Nothing good can come out of answering your landline.
Whenever I think I’m having a bad day I think about the time I ran a half marathon and at the starting line all my music mysteriously disappeared and I had to listen to Sugar by Maroon 5 for 13.1 miles
ME: When I die, I want to be cremated.
GLOBAL WARMING: Let me save you a step.
A pregnant family member is looking for a old-fashion social security number. What is your social security number?
It’s so condescending when self-defense instructors tell you to never go to a second location with your kidnapper, like, sir, do you even understand how a kidnapping works? I’m not trying to go ANYWHERE
Me: My book was translated for the UK.
Wife: They speak English.
Me: *looks at the 1000 times they changed “stroller” to “buggy”* Sort of.
me: *hanging back a bit while out with friends*
friends: that guy has followed us to 3 bars.

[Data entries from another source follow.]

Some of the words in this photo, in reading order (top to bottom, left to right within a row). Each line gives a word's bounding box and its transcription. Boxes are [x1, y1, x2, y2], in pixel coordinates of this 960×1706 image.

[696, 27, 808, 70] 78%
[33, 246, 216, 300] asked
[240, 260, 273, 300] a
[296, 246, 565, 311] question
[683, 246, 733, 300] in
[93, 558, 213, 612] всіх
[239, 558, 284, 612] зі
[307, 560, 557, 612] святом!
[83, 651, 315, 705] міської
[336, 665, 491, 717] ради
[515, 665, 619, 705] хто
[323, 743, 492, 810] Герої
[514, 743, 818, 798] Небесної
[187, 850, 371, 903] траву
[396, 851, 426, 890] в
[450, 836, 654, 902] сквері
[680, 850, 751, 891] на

[son comes home with big lump on his forehead]
ME: Oh no, what happened?
7: I fell down on the playground.
ME: How did you fall?
7: Forward.
The first step when putting on a fitted sheet is, nope, it goes the other way.
On our weekly family Zoom, my stepmom always says how pretty I am.

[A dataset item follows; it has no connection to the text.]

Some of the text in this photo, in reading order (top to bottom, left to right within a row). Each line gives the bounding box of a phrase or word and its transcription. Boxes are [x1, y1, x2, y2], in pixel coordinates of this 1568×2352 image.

Today I replied, “I’m more than a pretty face.”
STEPMOM: “Are you sure?”
ME: “I have an elbow. Look.”
SM: “That’s nothing to brag about.”
ME: “It bends and everything.”
SM: “I’ve seen better.”
Researchers have found why bears hibernate. “They’re sad due to a break up” said one. “It’s been a year Brent. Move on. I have” said another
My twins both have hiccups at the same time and I’m over here hoping it’s not the eighth sign of the apocalypse
The outburst I had at JoAnn’s Fabrics is not reflective of who I am.
Legend 🤣🤣
*Quietly opens a bag of chips during a job interview
Me: coming to the office Xmas party?
Steve: no [whispers] Lisa just lost her father
Me: there’ll be like 50 of us there. We’ll help you look
Being an adult is bullshit. Babies get praised for being able to hold their heads up on their own like bravo your neck works, stupid baby
if you find yourself struggling creatively take a step back and realize that you are also struggling financially so at least you’re consistent
If you’re feeling a little too good about yourself let your child take a pic of you laying on the couch. Tada! You are now Jaba the Hut.
Me: We’re ordering pizza.
8-year-old: This is the best day of my life!
Me: We order pizza every week.
8: I have lots of best days.
I just took enough Vicodin to kill a medium-sized Chipmunk. RIP Roy. Roy’s the hypothetical Chipmunk. I named him. Has anyone seen my legs??